GIVEN INFORMATION -
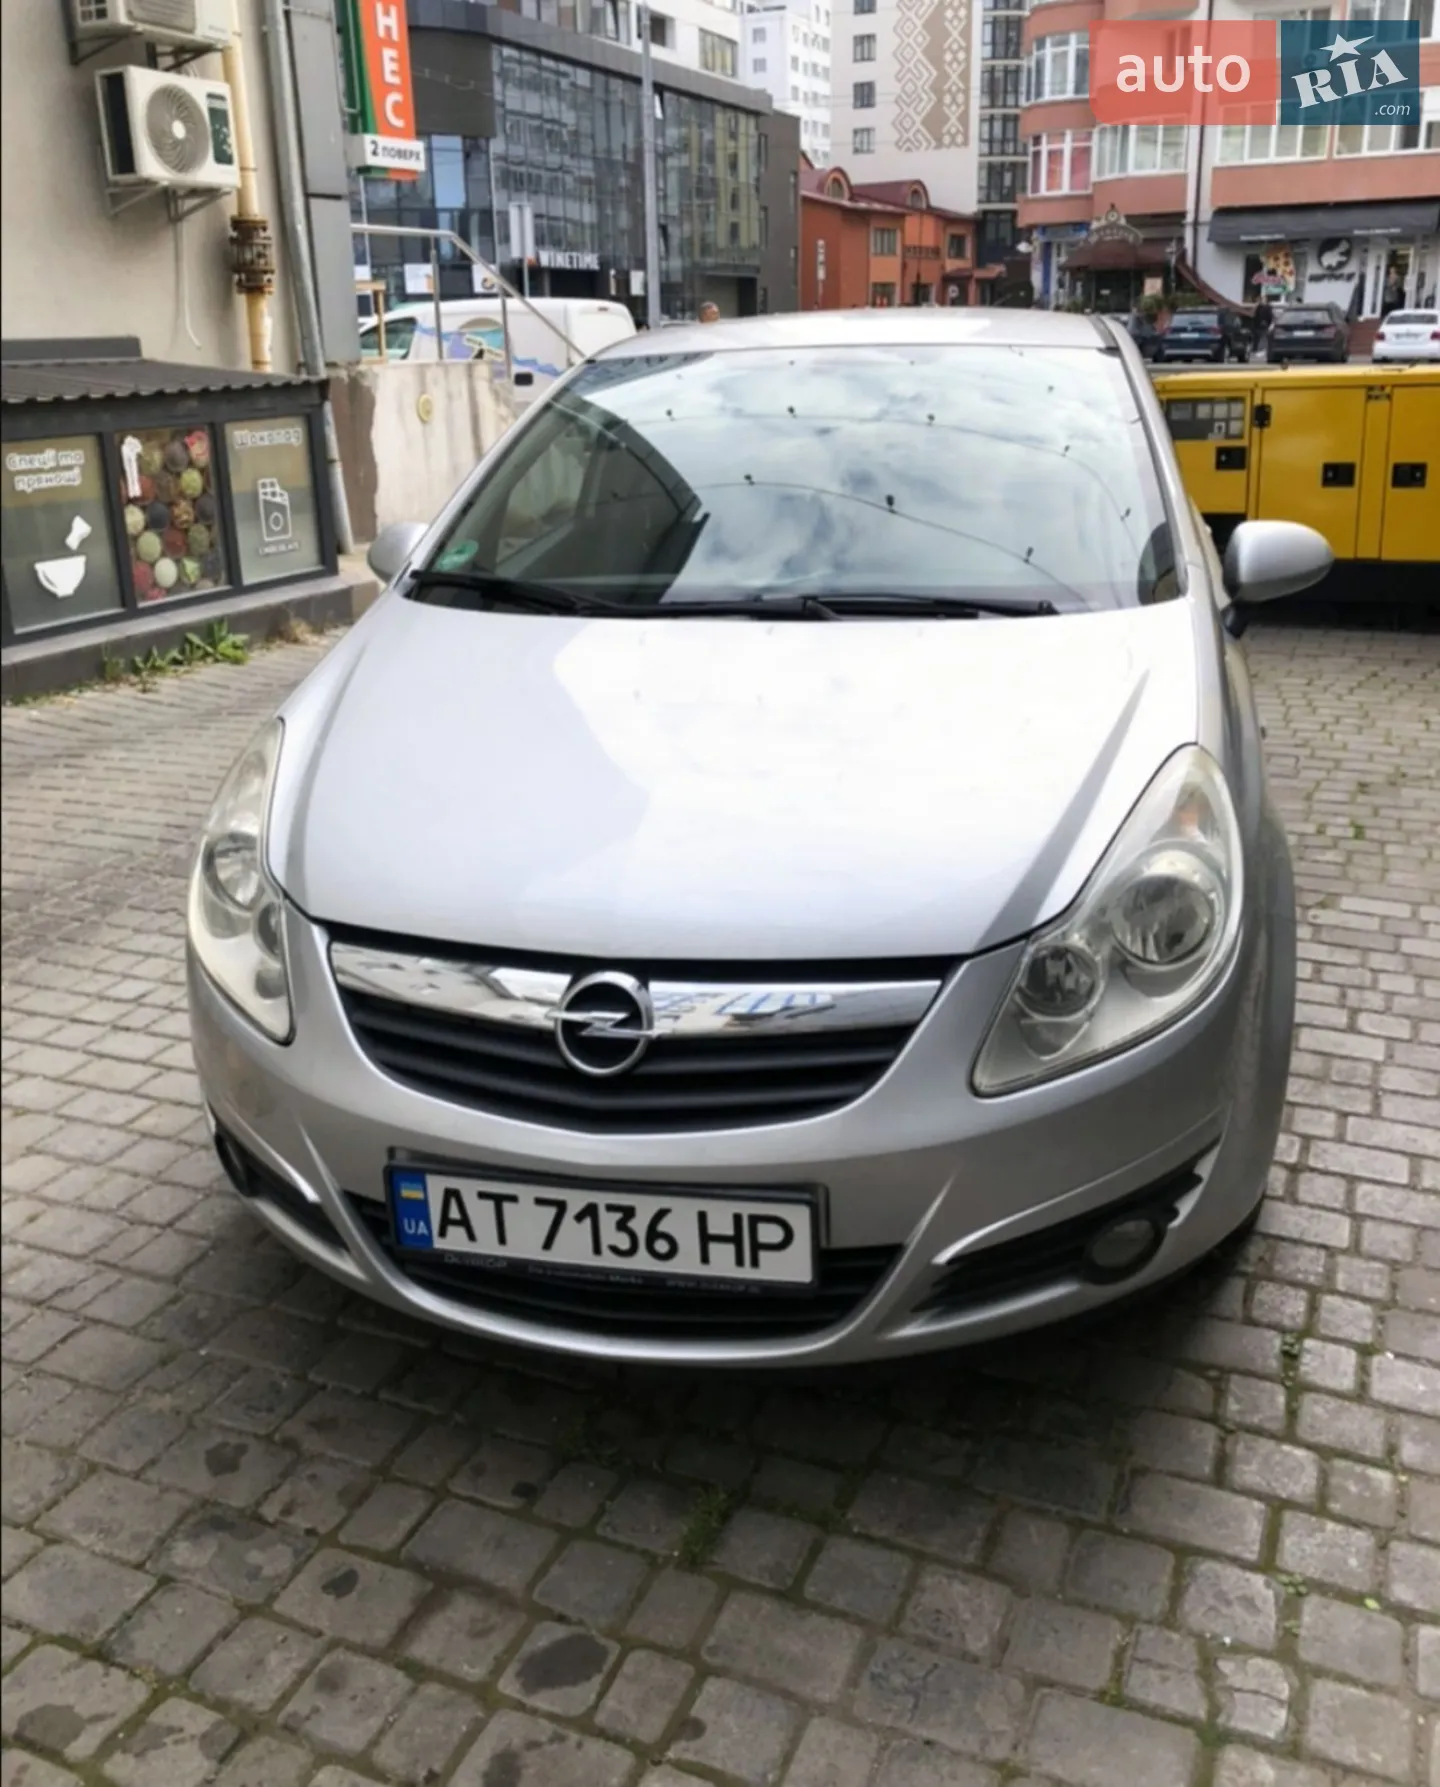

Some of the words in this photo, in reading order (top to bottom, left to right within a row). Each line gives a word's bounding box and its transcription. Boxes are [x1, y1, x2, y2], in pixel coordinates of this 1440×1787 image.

[370, 139, 380, 157] 2
[382, 145, 422, 161] ПОВЕРХ
[539, 250, 600, 271] WINETIME
[233, 428, 302, 448] Шоколад
[403, 1217, 429, 1236] UA
[438, 1186, 519, 1247] AT
[533, 1196, 680, 1262] 7136
[697, 1210, 795, 1269] HP
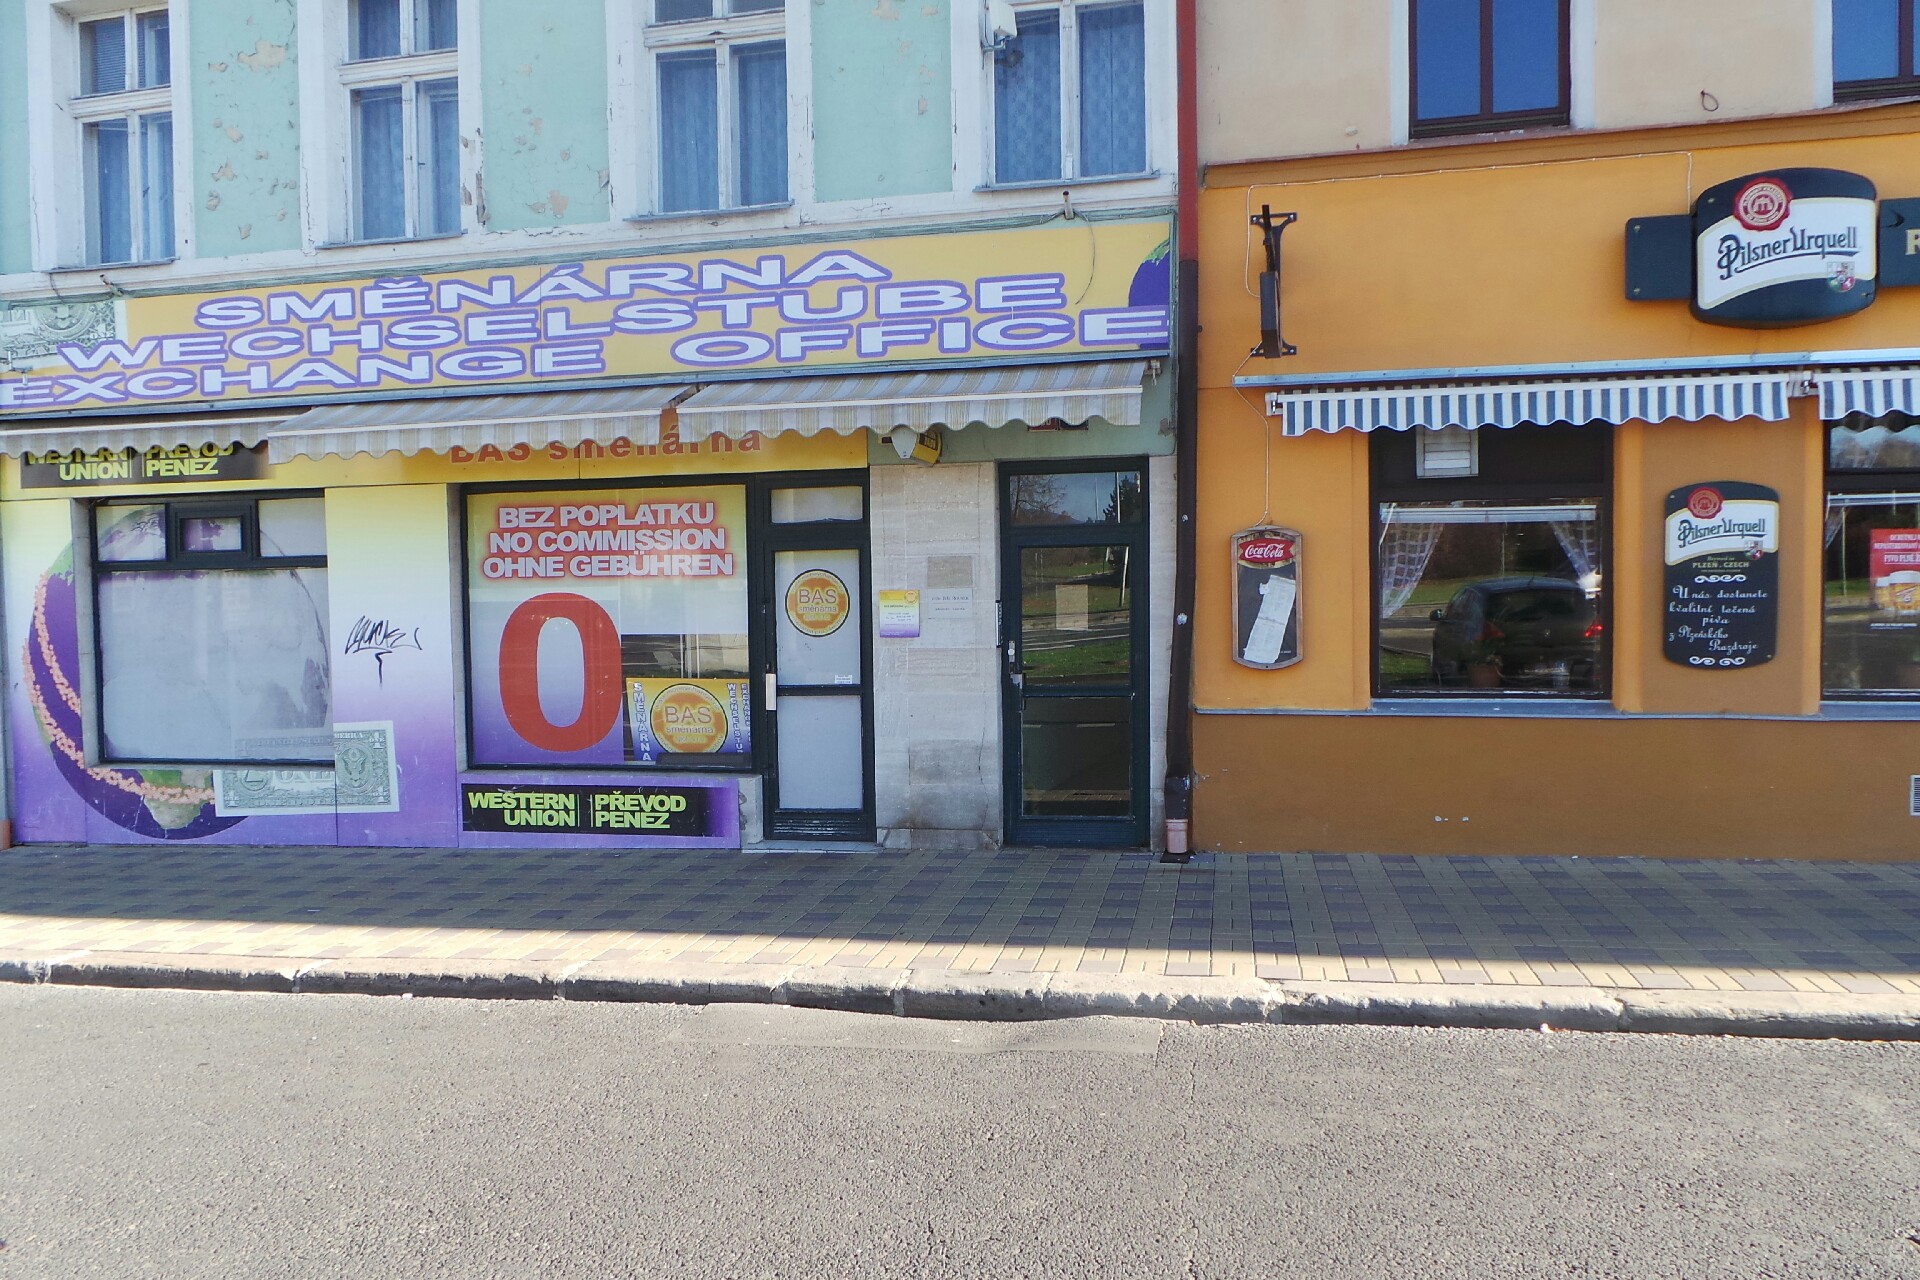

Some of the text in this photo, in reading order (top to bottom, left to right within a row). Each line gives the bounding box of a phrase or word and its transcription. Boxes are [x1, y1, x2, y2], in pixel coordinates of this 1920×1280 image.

BRIEF - The entries above need to be repeated word for word, minus their pictures.

WRITTEN RESPONSE -
Some of the words in this photo, in reading order (top to bottom, left to right within a row). Each line gives a word's bounding box and its transcription. Boxes are [x1, y1, x2, y2], in pixel coordinates of this 1440×1787 image.

[370, 139, 380, 157] 2
[382, 145, 422, 161] ПОВЕРХ
[539, 250, 600, 271] WINETIME
[233, 428, 302, 448] Шоколад
[403, 1217, 429, 1236] UA
[438, 1186, 519, 1247] AT
[533, 1196, 680, 1262] 7136
[697, 1210, 795, 1269] HP

Some of the text in this photo, in reading order (top to bottom, left to right within a row). Each line gives the bounding box of a phrase or word and its transcription. Boxes are [x1, y1, x2, y2], in pixel coordinates of this 1920×1280 image.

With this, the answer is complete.